Rosendahl: Right. So kudos to those guys for their tenacity and being willing to try it out. I’m sure that for a lot of these guys, once you have that huge hit it’s harder to do that. “Let’s try 50 different things and find out which one hits. Now we have a brand. We don’t want our brand to suddenly be the one that made one hit game and then 50 others that failed, but that’s how we made the first one!” That would be really bad for your brand now. That’s a difficult challenge, unless somehow you’re communicating that to your audience out there.
GamesBeat: What are some of the interesting people that get brought into these training programs? Is there some kind of best-practices collection of people that can teach how to run a game company?
Rosendahl: We don’t teach them how to run a game company, though. We teach them how to work in creative teams well, whether it’s for games or anything else. My entrepreneurship class is about the startup life. We usually bring in one or two entrepreneurs who are in the depths of it right now. The format I like to use with them is, “Tell us about three things you did right and three things you did wrong.” Part of it, with the students, is going out and interviewing an entrepreneur or finding first-person accounts and looking for those same things.

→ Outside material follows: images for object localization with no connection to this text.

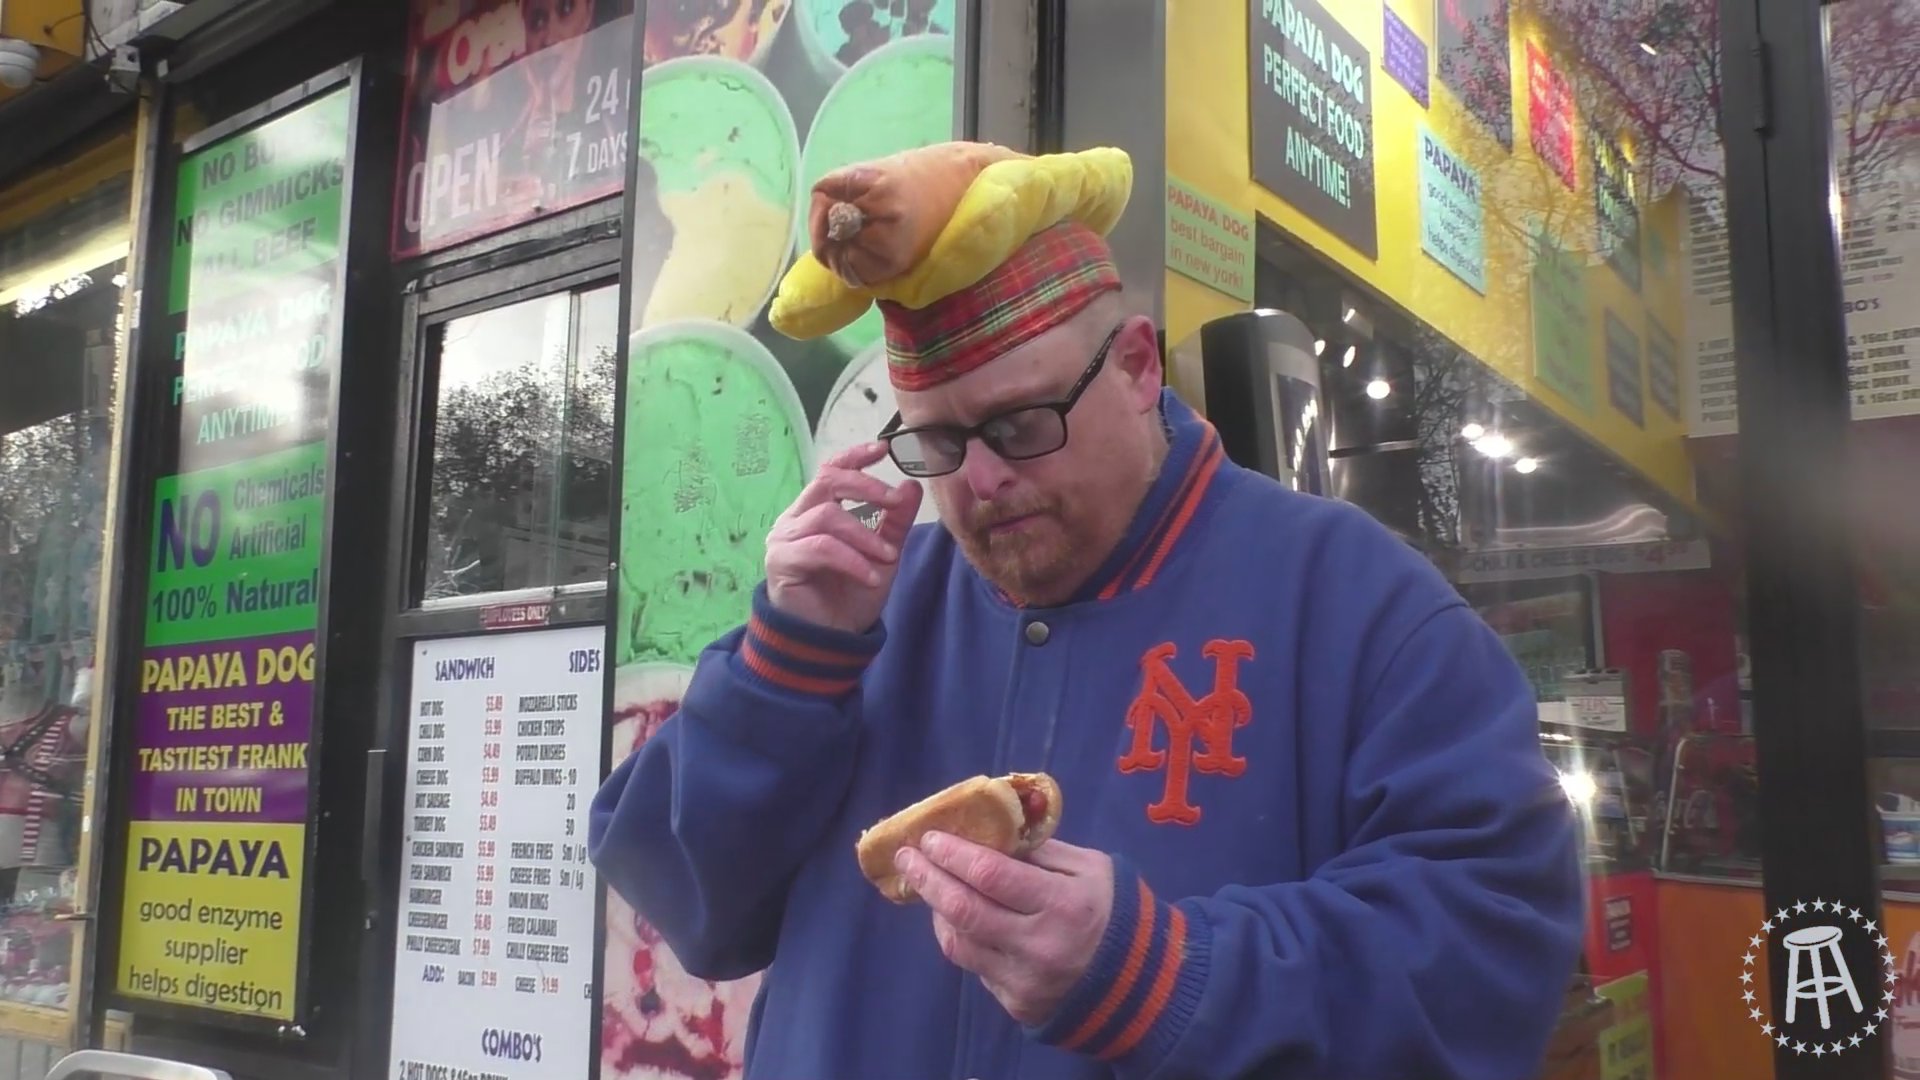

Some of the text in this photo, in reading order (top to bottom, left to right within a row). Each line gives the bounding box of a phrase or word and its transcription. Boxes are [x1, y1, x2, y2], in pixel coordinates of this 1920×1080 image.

[1263, 0, 1328, 72] PAPAYA
[1331, 42, 1364, 104] DOG
[585, 68, 619, 124] 24
[1264, 43, 1324, 128] PERFECT
[1327, 96, 1364, 160] FOOD
[202, 151, 236, 189] NO
[566, 131, 628, 181] 7 DAYS
[1285, 126, 1351, 210] ANYTIME!
[1424, 136, 1478, 204] PAPAYA
[405, 132, 501, 233] OPEN
[176, 157, 344, 247] NO GIMMICKS
[1168, 185, 1249, 241] PAPAYA DOG
[252, 217, 317, 268] BEEF
[1171, 216, 1245, 266] best bargain
[1171, 245, 1183, 261] in
[1186, 253, 1211, 274] new
[233, 462, 325, 511] Chemicals
[157, 489, 308, 573] NO Artificial
[152, 569, 319, 622] 100% Natural
[142, 643, 315, 693] PAPAYA DOG
[435, 650, 600, 682] SANDWICH SIDES
[167, 701, 283, 731] THE BEST &
[432, 701, 444, 716] DOG
[519, 694, 578, 713] MOZZARELLA STICKS
[433, 724, 445, 739] DOG
[518, 719, 565, 737] CHICKEN STRIPS
[139, 742, 308, 772] TASTIEST FRANK
[433, 746, 445, 762] DOG
[437, 770, 448, 785] DOG
[176, 787, 262, 813] IN TOWN
[434, 816, 446, 832] DOG
[139, 837, 290, 879] PAPAYA
[536, 843, 553, 860] FRIES
[533, 868, 551, 885] FRIES
[140, 898, 282, 931] good enzyme
[164, 936, 248, 965] supplier
[129, 965, 282, 1010] helps digestion
[422, 964, 445, 983] ADD:
[481, 1028, 542, 1063] COMBO'S

It’s hard to find an entrepreneur who will publicly tell you three things they did wrong. Partially because maybe they haven’t done the introspection yet. Also, you never want to admit that. But that’s where the lessons are. When you do something right, you don’t know whether you were smart or lucky. When you do something wrong, you pretty much know you screwed up. Well, that’s not quite right. There are a lot of things you do wrong that you decide were wrong in retrospect. But at the time, you made the best choice based on the information you had. That’s fine. That’s worth doing, as long as you learn from it. If it’s going down the wrong path, you change directions.

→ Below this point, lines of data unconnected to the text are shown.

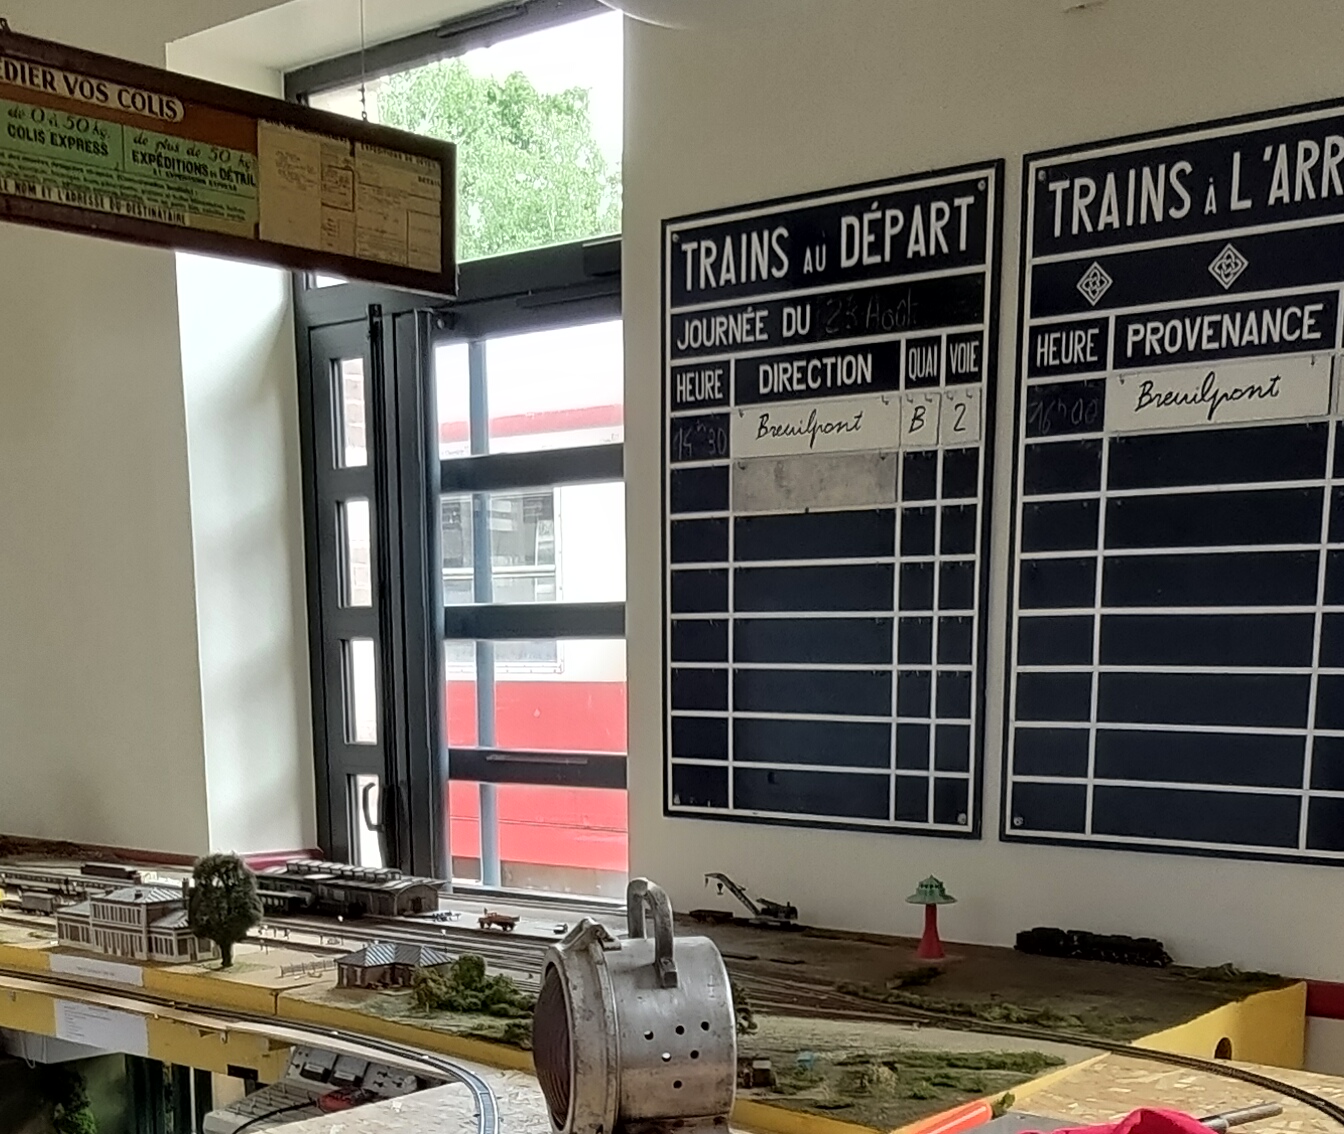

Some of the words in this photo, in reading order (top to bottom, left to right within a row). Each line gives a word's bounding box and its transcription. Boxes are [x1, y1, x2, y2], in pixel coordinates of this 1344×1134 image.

[62, 74, 108, 103] VOS
[117, 88, 177, 119] COLIS
[8, 122, 45, 144] COLIS
[51, 132, 108, 156] EXPRESS
[63, 116, 89, 133] 50
[133, 132, 148, 145] de
[186, 144, 201, 158] de
[15, 180, 36, 195] NOM
[132, 150, 208, 177] EXPÉDITIONS
[219, 166, 256, 187] DÉTAIL
[1048, 161, 1192, 238] TRAINS
[681, 226, 789, 291] TRAINS
[803, 242, 827, 275] AU
[840, 196, 975, 269] DÉPART
[677, 306, 769, 350] JOURNÉE
[783, 304, 810, 338] DU
[1036, 328, 1099, 367] HEURE
[1126, 304, 1323, 358] PROVENANCE
[676, 369, 723, 403] HEURE
[759, 353, 872, 394] DIRECTION
[908, 345, 938, 381] QUAI
[950, 340, 979, 374] VOIE
[909, 405, 926, 433] B
[953, 403, 967, 432] 2
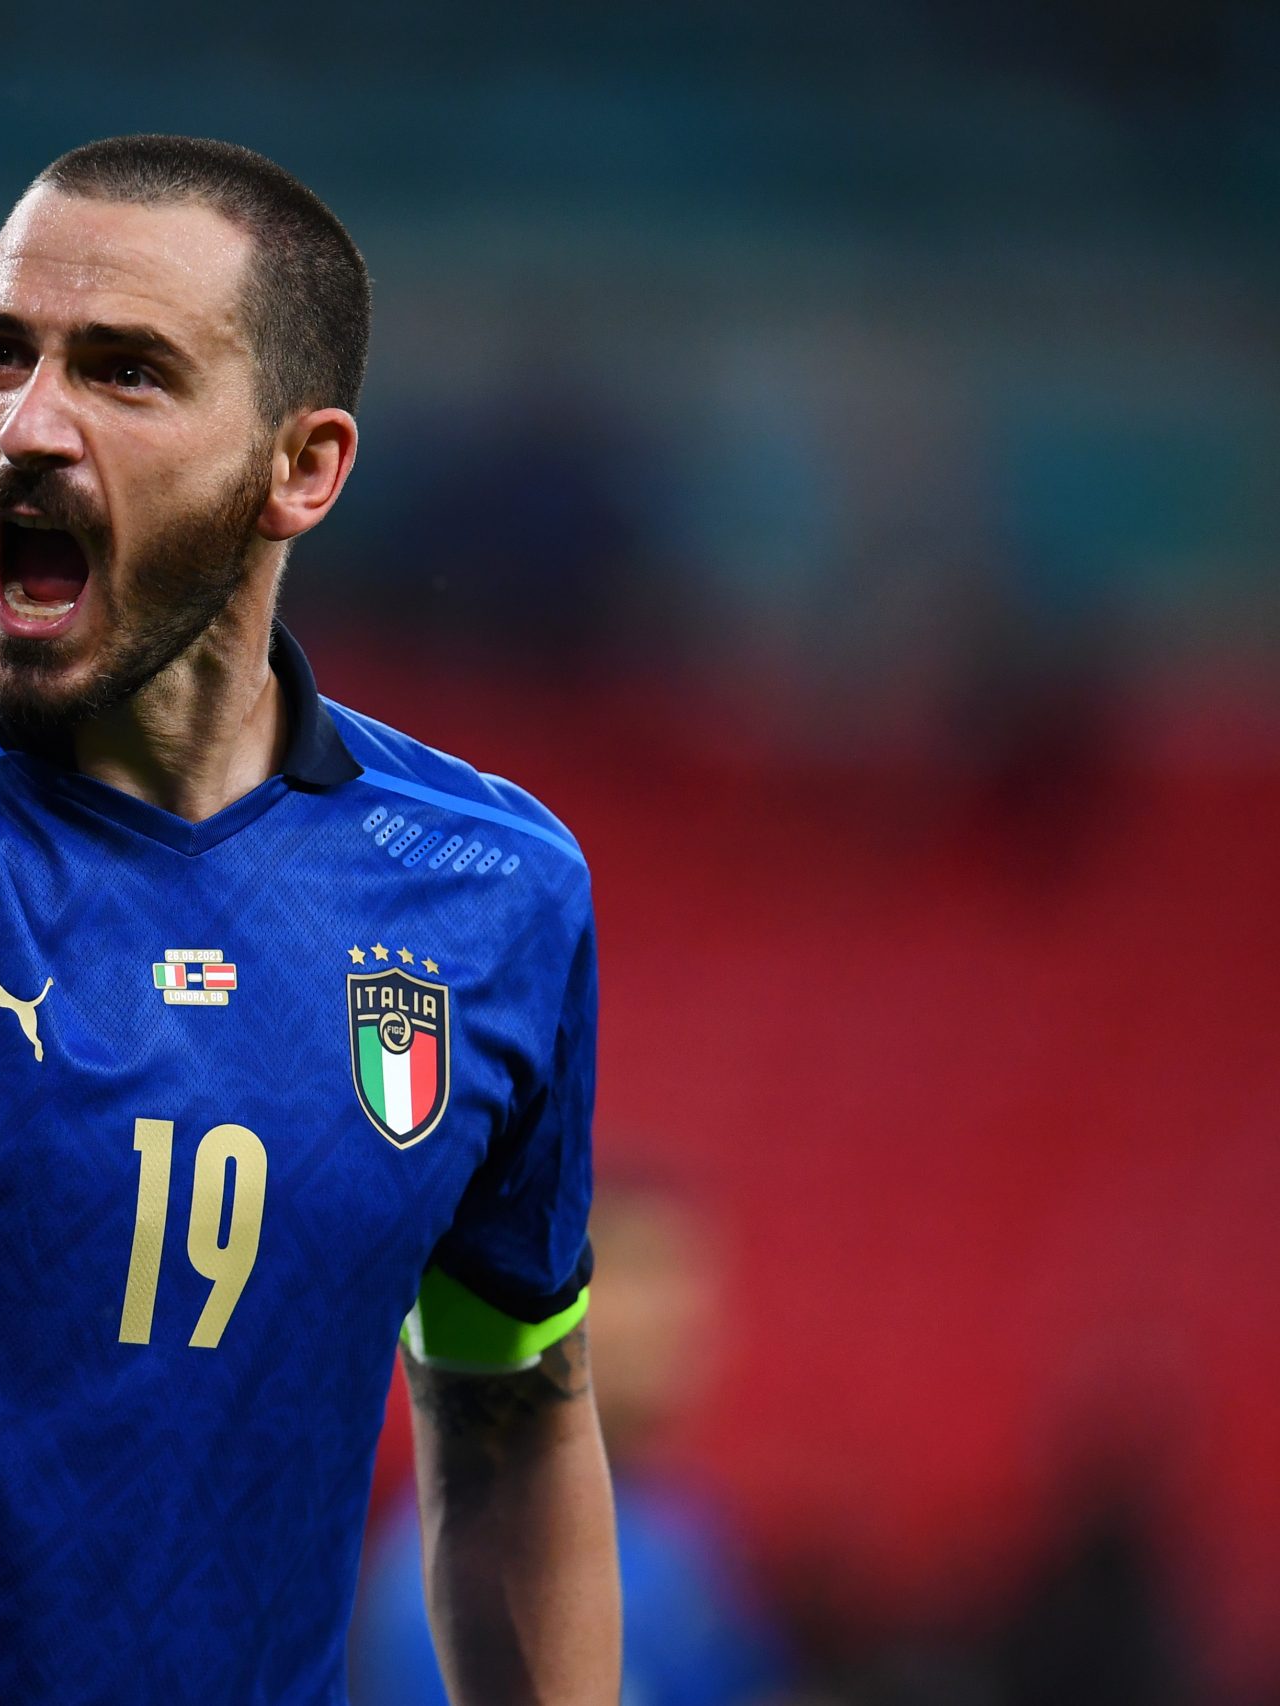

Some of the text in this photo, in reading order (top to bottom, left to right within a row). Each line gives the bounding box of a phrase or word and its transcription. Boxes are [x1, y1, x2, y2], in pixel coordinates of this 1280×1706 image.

[356, 986, 437, 1019] ITALIA
[386, 1025, 405, 1036] FIGC
[118, 1117, 268, 1350] 19

What I like to do, when we bring in speakers, is to bring in people from my entrepreneurship class who are still early in that process. They tend to look a little frazzled. They’re willing to share all the difficulties. Fundraising is always an issue. Finding the right customer fit and getting your product tuned so it works for a broad audience. Generally, whoever you made it for at the beginning isn’t necessarily the broad audience that you need to be successful. How do you change your product without losing your core audience or completely alienating your core audience? That’s assuming you found something with an audience in the first place, which is an anomaly for a lot of startups.
GamesBeat: Kickstarter feedback is interesting in that you’re getting real feedback before you do it. But you can also easily become a slave to responding to impossible demands.

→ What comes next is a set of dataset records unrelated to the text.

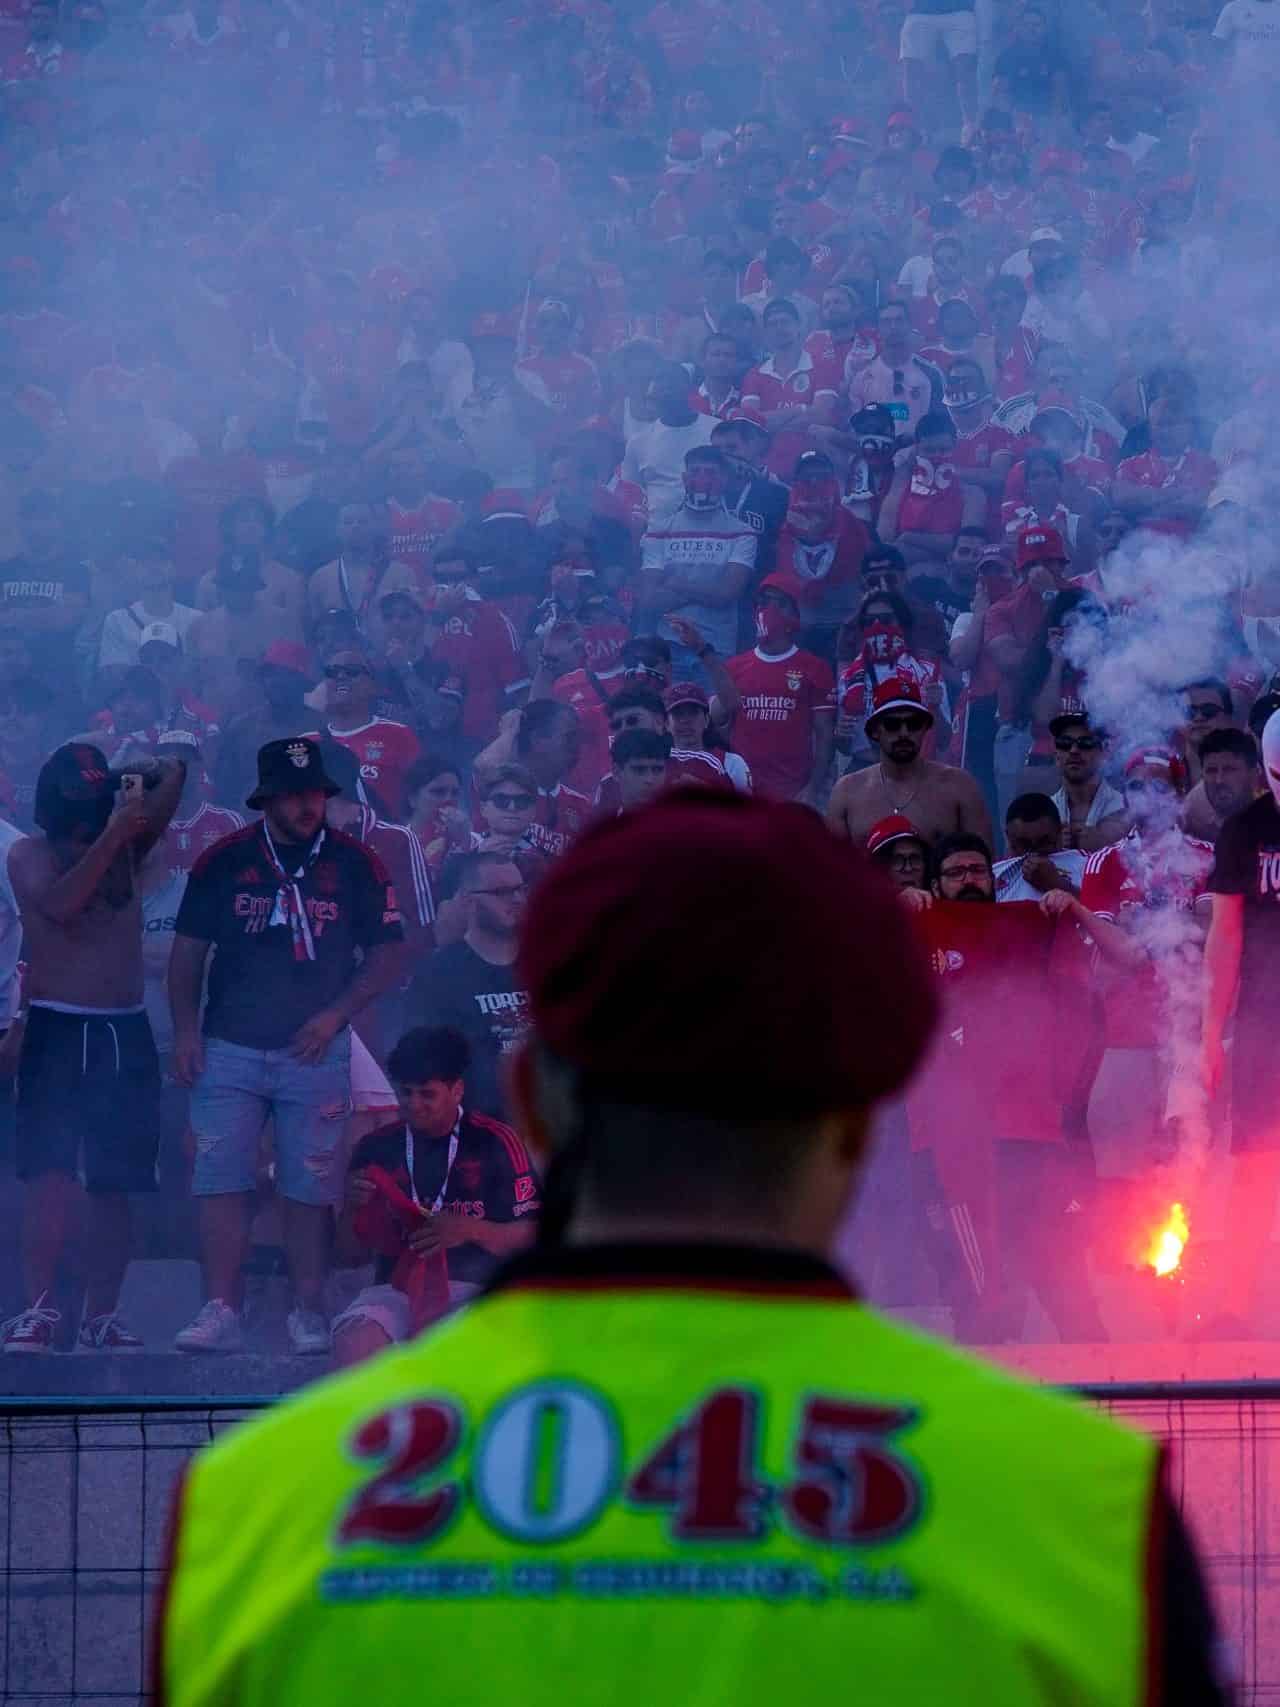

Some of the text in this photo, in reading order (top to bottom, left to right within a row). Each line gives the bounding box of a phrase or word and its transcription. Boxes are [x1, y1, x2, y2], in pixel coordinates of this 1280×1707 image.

[670, 541, 727, 553] GUESS
[740, 694, 797, 710] Emirates
[234, 893, 338, 920] Emtes
[475, 992, 530, 1014] TORC
[336, 1378, 925, 1550] 2045

Rosendahl: Right. There’s a hidden expense in doing that – customer support, communications, it’s a whole big PR thing. But it’s fantastic that that option exists for people. There are great things that have come out of it. And again, how old is that phenomenon? A couple of years? It’s far from settled. I’m sure we’ll see more successes. We’ll see some huge failures that get people very upset. I don’t think there’s been a giant crash and burn yet, but there will be. How that settles and whether it settles—The size of Kickstarter campaigns is getting larger and larger. Where does that end? Is there a natural limit to how big those projects can be? If they start getting really big, does that mean the small ones can’t exist anymore. I don’t know. It’ll be amazing to see.